Google has moved Gemini Embedding 2 from preview into general availability, turning one of its more interesting AI infrastructure releases into a production-supported service.

What changed

According to Google's docs, gemini-embedding-2 reached GA on April 22 and is now available through both the Gemini API and Gemini Enterprise Agent Platform. The model maps text, images, audio, video, and PDFs into one shared embedding space, which means developers can build retrieval systems that search across mixed media without stitching together separate embedding stacks.

Google says the model produces 3,072-dimensional vectors by default, supports custom task instructions such as code retrieval or search ranking, and lets teams shrink output size with output_dimensionality when storage cost matters. The published limits are also concrete enough for production planning: up to 8,192 text tokens, 6 images, 80 to 120 seconds of video depending on audio, 180 seconds of audio, and 6 PDF pages per prompt.

Why it matters

The March preview already signaled Google's interest in multimodal retrieval, but GA matters more than the initial launch.
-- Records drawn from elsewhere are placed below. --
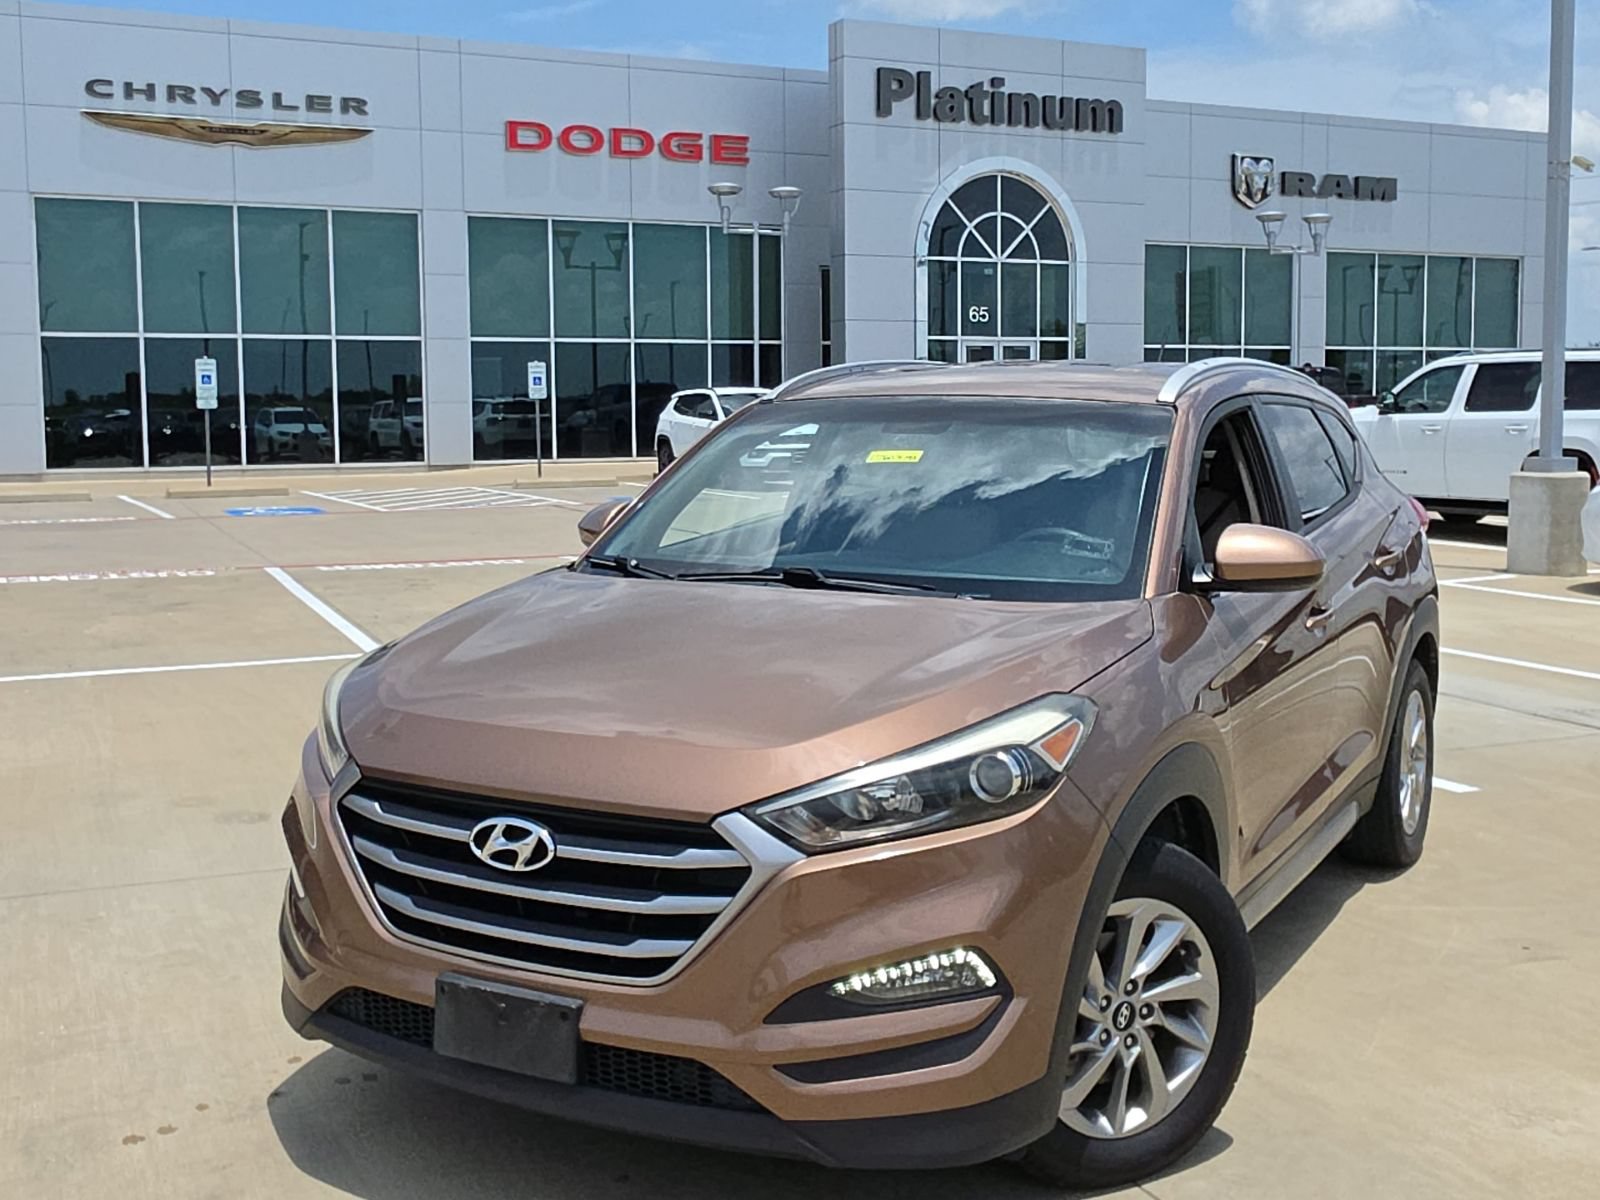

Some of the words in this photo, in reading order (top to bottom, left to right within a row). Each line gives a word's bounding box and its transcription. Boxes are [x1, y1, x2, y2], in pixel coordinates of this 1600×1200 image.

[85, 78, 369, 116] CHRYSLER
[876, 66, 1124, 134] Platinum
[505, 120, 750, 167] DODGE
[1280, 171, 1398, 203] RAM
[968, 305, 990, 323] 65
It gives developers a clearer green light to use the model in customer-facing search, RAG, and agent memory pipelines instead of treating it as an experiment.

Google's companion blog post focuses on those practical workloads, including multimodal RAG, reranking, visual search, and clustering. The important takeaway is simpler: embedding infrastructure is becoming more media-native, and Google now wants that layer to be part of the standard toolkit for production AI systems.